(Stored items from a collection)
Content starts

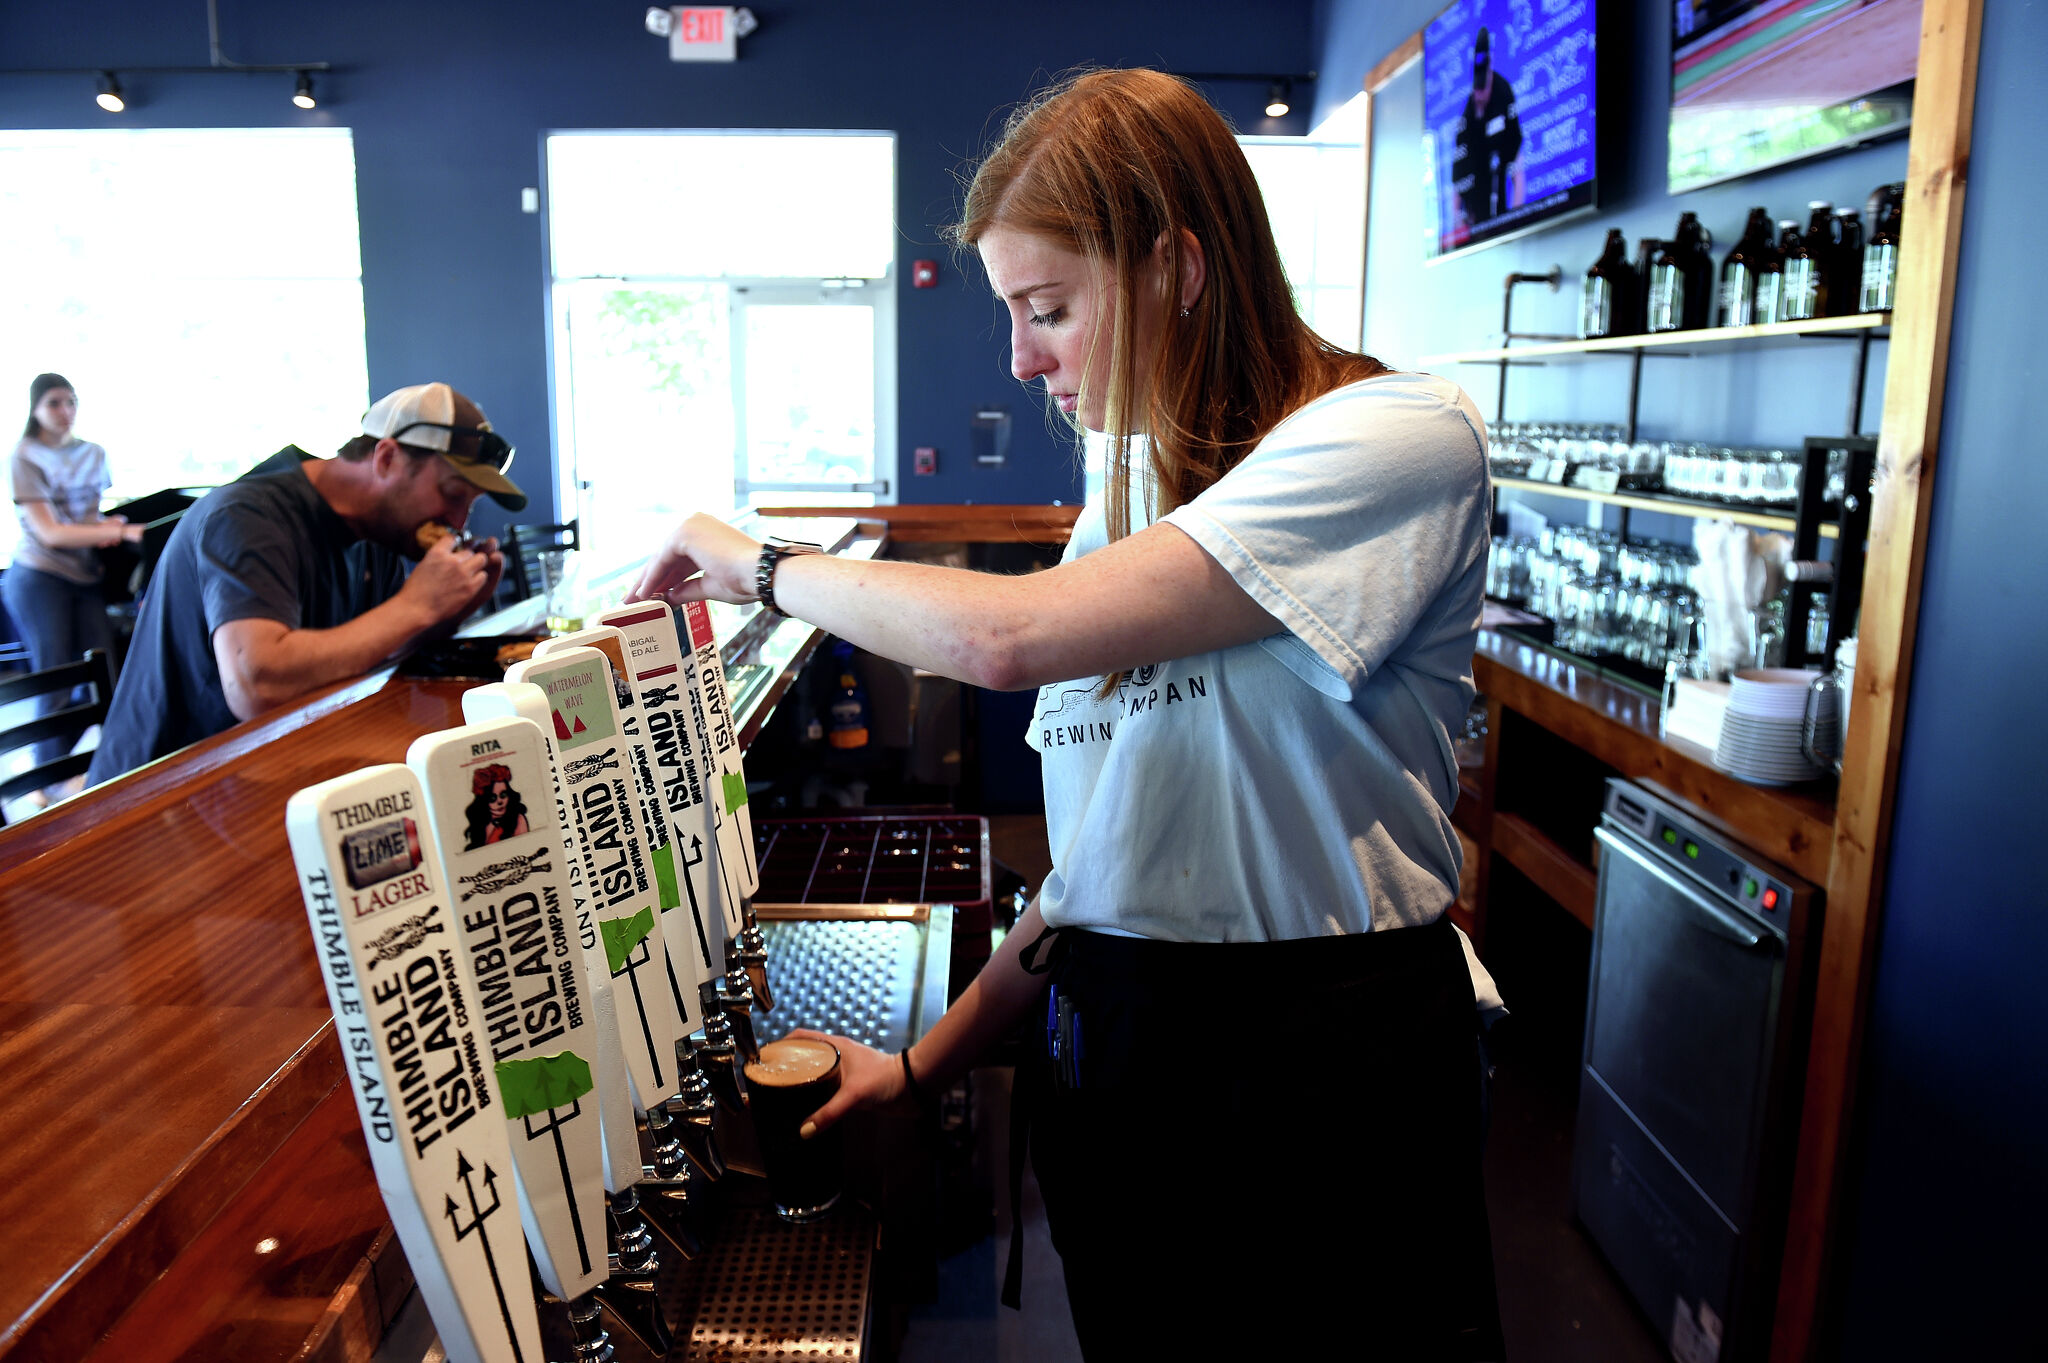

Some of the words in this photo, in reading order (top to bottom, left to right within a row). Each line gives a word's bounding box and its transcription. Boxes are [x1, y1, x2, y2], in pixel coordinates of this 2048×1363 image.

[682, 9, 725, 43] EXIT
[632, 649, 643, 658] ED
[645, 644, 660, 654] ALE
[547, 672, 593, 695] WATERMELON
[564, 693, 584, 709] WAVE
[702, 668, 730, 755] ISLAND
[1043, 721, 1113, 748] REWIN
[1129, 676, 1207, 717] MPAN
[471, 739, 502, 756] RITA
[672, 709, 692, 757] COMPANY
[724, 708, 736, 747] BREWING
[647, 711, 691, 813] ISLAND
[684, 758, 704, 805] BREWING
[331, 791, 413, 830] THIMBLE
[612, 778, 635, 836] COMPANY
[353, 831, 405, 869] LIME
[582, 782, 635, 907] ISLAND
[627, 837, 649, 893] BREWING
[351, 873, 430, 918] LAGER
[542, 886, 569, 958] COMPANY
[438, 948, 469, 1028] COMPANY
[463, 905, 525, 1062] THIMBLE
[502, 891, 566, 1048] ISLAND
[559, 959, 584, 1030] BREWING
[307, 868, 363, 1016] THIMBLE
[347, 1025, 395, 1144] ISLAND
[372, 972, 442, 1160] THIMBLE
[405, 955, 476, 1134] ISLAND
[462, 1032, 491, 1110] BREWING

Content ends

**Activity:** In your copy, include no pictures, but reproduce all records exactly.

**Output for this exercise:**
Some of the words in this photo, in reading order (top to bottom, left to right within a row). Each line gives a word's bounding box and its transcription. Boxes are [x1, y1, x2, y2], in pixel coordinates of this 2048×1363 image.

[682, 9, 725, 43] EXIT
[632, 649, 643, 658] ED
[645, 644, 660, 654] ALE
[547, 672, 593, 695] WATERMELON
[564, 693, 584, 709] WAVE
[702, 668, 730, 755] ISLAND
[1043, 721, 1113, 748] REWIN
[1129, 676, 1207, 717] MPAN
[471, 739, 502, 756] RITA
[672, 709, 692, 757] COMPANY
[724, 708, 736, 747] BREWING
[647, 711, 691, 813] ISLAND
[684, 758, 704, 805] BREWING
[331, 791, 413, 830] THIMBLE
[612, 778, 635, 836] COMPANY
[353, 831, 405, 869] LIME
[582, 782, 635, 907] ISLAND
[627, 837, 649, 893] BREWING
[351, 873, 430, 918] LAGER
[542, 886, 569, 958] COMPANY
[438, 948, 469, 1028] COMPANY
[463, 905, 525, 1062] THIMBLE
[502, 891, 566, 1048] ISLAND
[559, 959, 584, 1030] BREWING
[307, 868, 363, 1016] THIMBLE
[347, 1025, 395, 1144] ISLAND
[372, 972, 442, 1160] THIMBLE
[405, 955, 476, 1134] ISLAND
[462, 1032, 491, 1110] BREWING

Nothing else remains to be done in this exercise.